Trudeau acusa Trump de usar guerra comercial como plano para anexar o Canadá

Em discurso duro, primeiro-ministro canadense reagiu à imposição de tarifas pelo presidente americano, anunciou retaliação com taxas e disse ser falsa a alegação de entrada de fentanil nos EUA

Primeiro-ministro canadense fez um discurso inflamado em que disse que  “o que ele [Trump] quer é ver um colapso total da economia canadense, porque isso facilitará a nossa anexação.”
Por Brian Platt - Randy Thanthong-Knight
04 de Março, 2025 | 04:21 PM

Bloomberg — O objetivo da guerra comercial iniciada pelo presidente dos EUA, Donald Trump, é destruir a economia do Canadá para que ele possa anexar o país. A declaração foi feita pelo primeiro-ministro Justin Trudeau durante uma inflamada coletiva de imprensa sobre o início das disputas em torno de tarifas entre os países.

Trump impôs as tarifas de fato nesta terça-feira (4), dizendo que o Canadá e o México não fizeram o suficiente para reprimir o tráfico de drogas. Mas, no caso do Canadá, isso é apenas um pretexto para as tarifas que o presidente dos EUA planejava impor de qualquer forma, disse Trudeau.

PUBLICIDADE

“A desculpa que ele está dando para essas tarifas hoje sobre o fentanil é completamente falsa, completamente injustificada, completamente falsa”, disse Trudeau. “O que ele quer é ver um colapso total da economia canadense, porque isso facilitará a nossa anexação.”

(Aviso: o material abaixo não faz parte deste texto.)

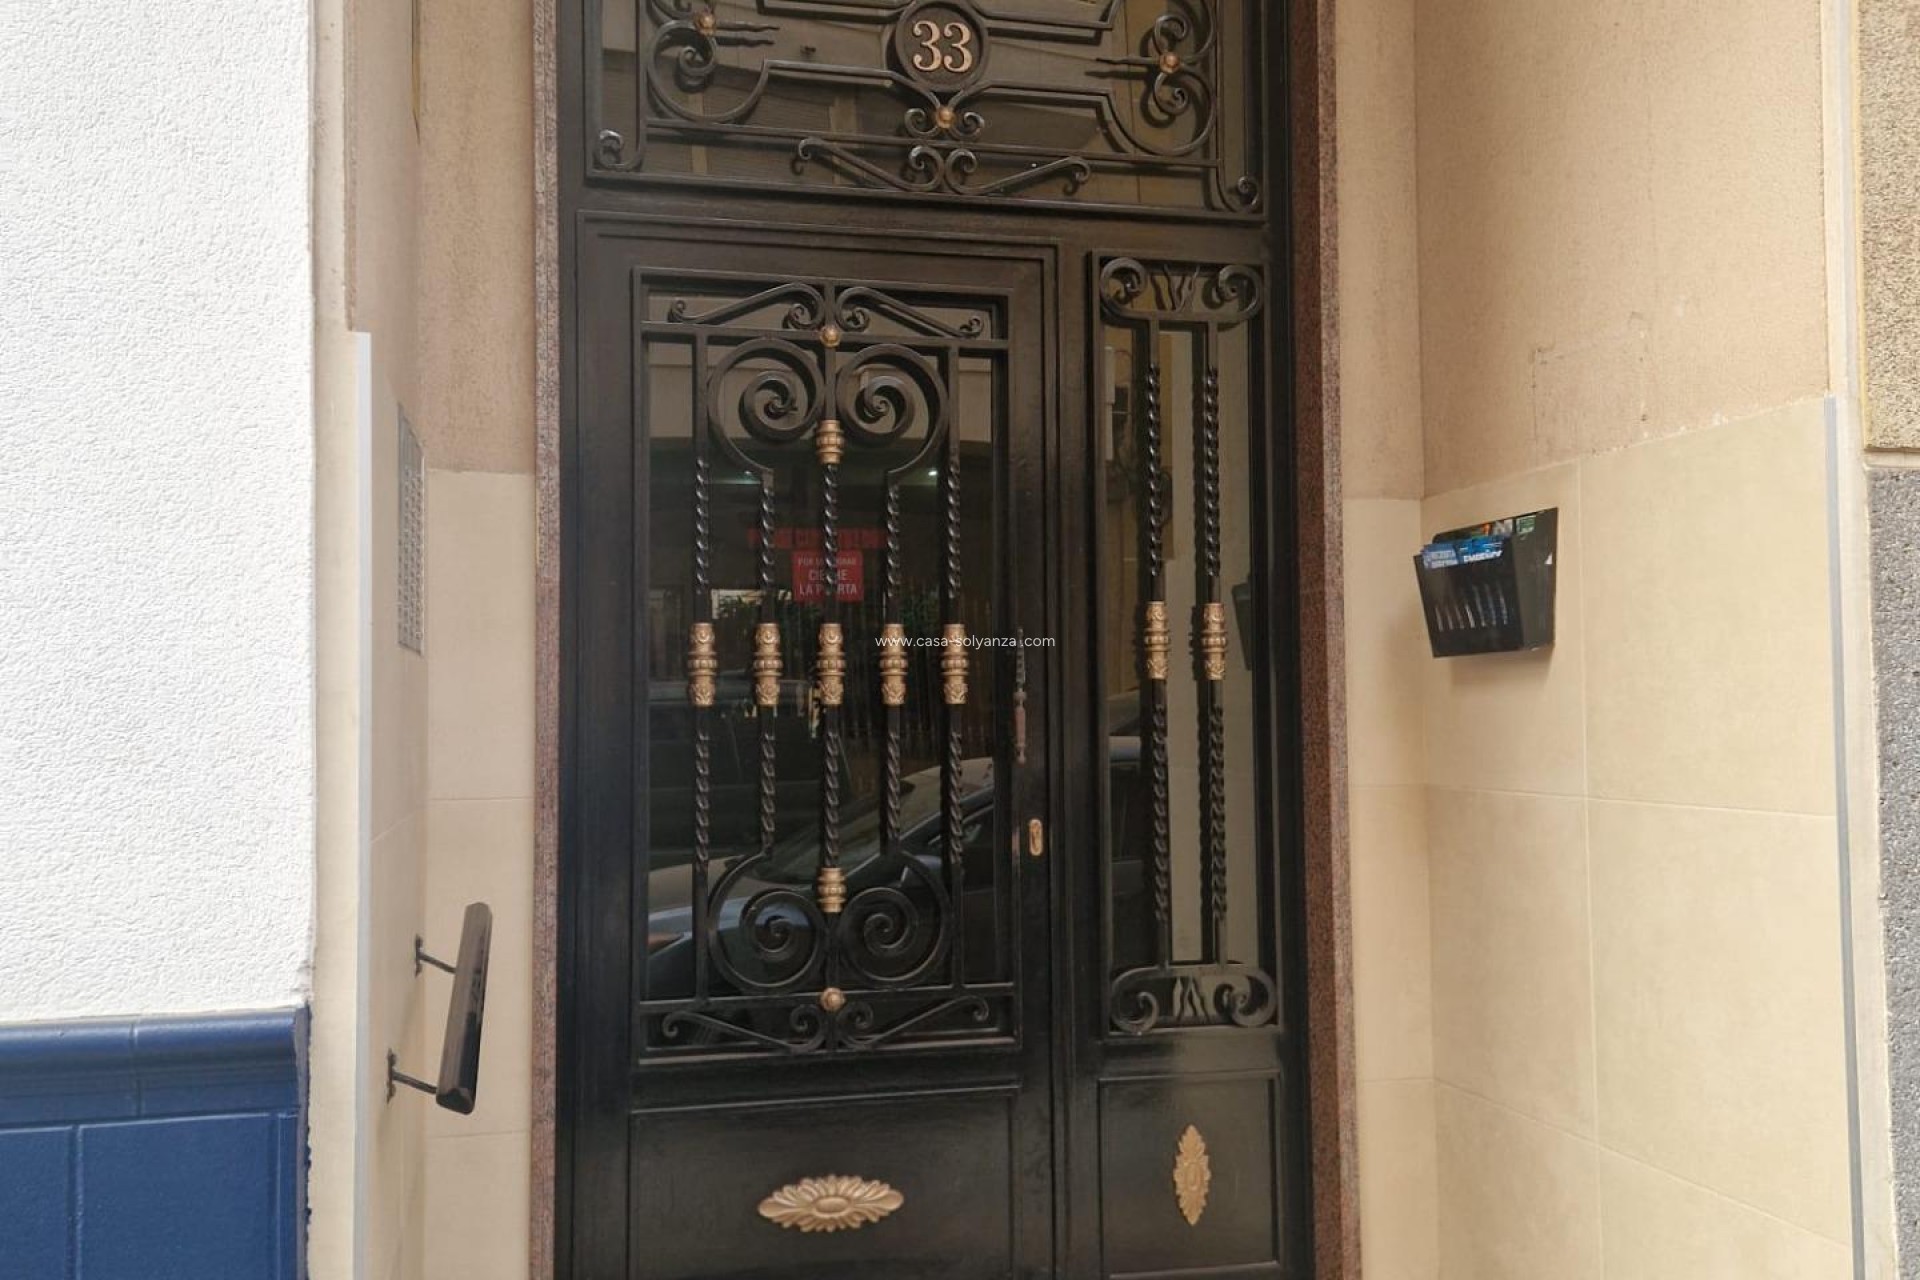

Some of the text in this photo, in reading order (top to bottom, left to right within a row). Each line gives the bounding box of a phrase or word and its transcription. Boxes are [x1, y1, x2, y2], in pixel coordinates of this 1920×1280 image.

[913, 21, 973, 72] 33
[808, 569, 849, 581] CIEE
[799, 584, 857, 595] LA PRTA

Trump tem dito repetidamente que o Canadá pode evitar tarifas se se tornar o 51º estado dos EUA.

Inicialmente, as autoridades canadenses descartaram o comentário como uma piada, mas ele assumiu um tom mais ameaçador em janeiro, quando Trump prometeu usar a “força econômica” para dominar o país. Trudeau disse a um grupo de líderes empresariais no mês passado que acredita que a ameaça é real.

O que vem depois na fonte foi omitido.